» **What to produce**: The answer is an exact repetition of every entry, with all images left out.

» **Extracted records**:
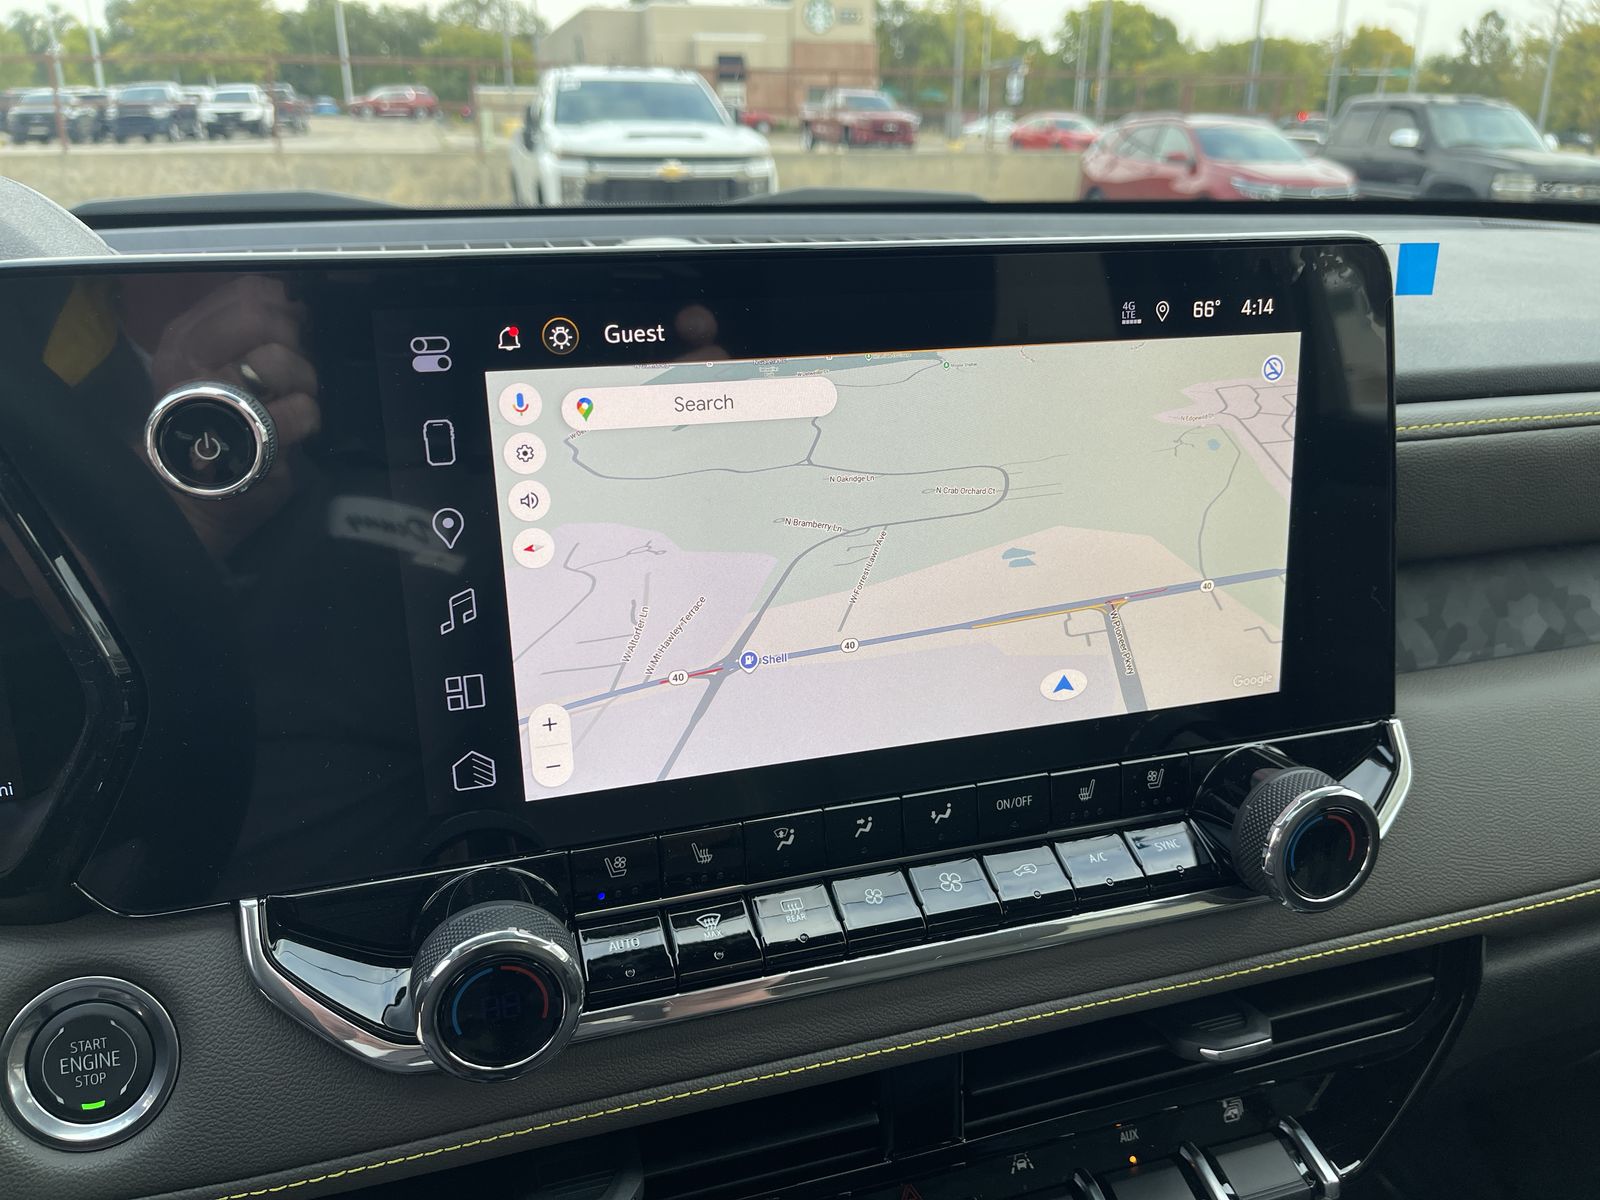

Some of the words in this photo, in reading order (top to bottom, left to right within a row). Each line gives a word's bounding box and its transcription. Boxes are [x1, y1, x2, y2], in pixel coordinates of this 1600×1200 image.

[1122, 301, 1136, 311] 4G
[1240, 298, 1275, 317] 4:14
[1121, 310, 1136, 320] LTE
[604, 324, 666, 344] Guest
[673, 393, 735, 413] Search
[836, 475, 866, 484] Oakridge
[936, 486, 942, 494] N
[943, 486, 959, 495] Crab
[960, 487, 987, 495] Orchard
[987, 487, 997, 495] Ct
[784, 517, 792, 526] N
[793, 518, 832, 532] Bramberry
[832, 524, 843, 533] Ln
[866, 545, 880, 568] Lawn
[876, 530, 888, 547] Ave
[1202, 582, 1212, 590] 40
[657, 623, 685, 654] Hawley
[679, 595, 706, 626] Terrace
[621, 652, 632, 663] W
[630, 617, 646, 654] Altorfer
[639, 606, 649, 619] Ln
[844, 640, 856, 650] 40
[1113, 619, 1128, 653] Pioneer
[1123, 651, 1135, 675] Pkwy
[762, 653, 788, 665] Shell
[672, 672, 685, 683] 40
[1232, 672, 1273, 688] Google
[995, 794, 1033, 811] ON/OFF
[1154, 837, 1181, 852] SYNC
[1088, 850, 1107, 864] A/C
[785, 914, 807, 923] REAR
[703, 929, 722, 940] MAX
[608, 936, 641, 953] AUTO
[70, 1036, 107, 1054] START
[60, 1049, 121, 1075] ENGINE
[75, 1072, 107, 1088] STOP
[1119, 1129, 1139, 1143] AUX

» **Worked solution**:
Some of the words in this photo, in reading order (top to bottom, left to right within a row). Each line gives a word's bounding box and its transcription. Boxes are [x1, y1, x2, y2], in pixel coordinates of this 1600×1200 image.

[1122, 301, 1136, 311] 4G
[1240, 298, 1275, 317] 4:14
[1121, 310, 1136, 320] LTE
[604, 324, 666, 344] Guest
[673, 393, 735, 413] Search
[836, 475, 866, 484] Oakridge
[936, 486, 942, 494] N
[943, 486, 959, 495] Crab
[960, 487, 987, 495] Orchard
[987, 487, 997, 495] Ct
[784, 517, 792, 526] N
[793, 518, 832, 532] Bramberry
[832, 524, 843, 533] Ln
[866, 545, 880, 568] Lawn
[876, 530, 888, 547] Ave
[1202, 582, 1212, 590] 40
[657, 623, 685, 654] Hawley
[679, 595, 706, 626] Terrace
[621, 652, 632, 663] W
[630, 617, 646, 654] Altorfer
[639, 606, 649, 619] Ln
[844, 640, 856, 650] 40
[1113, 619, 1128, 653] Pioneer
[1123, 651, 1135, 675] Pkwy
[762, 653, 788, 665] Shell
[672, 672, 685, 683] 40
[1232, 672, 1273, 688] Google
[995, 794, 1033, 811] ON/OFF
[1154, 837, 1181, 852] SYNC
[1088, 850, 1107, 864] A/C
[785, 914, 807, 923] REAR
[703, 929, 722, 940] MAX
[608, 936, 641, 953] AUTO
[70, 1036, 107, 1054] START
[60, 1049, 121, 1075] ENGINE
[75, 1072, 107, 1088] STOP
[1119, 1129, 1139, 1143] AUX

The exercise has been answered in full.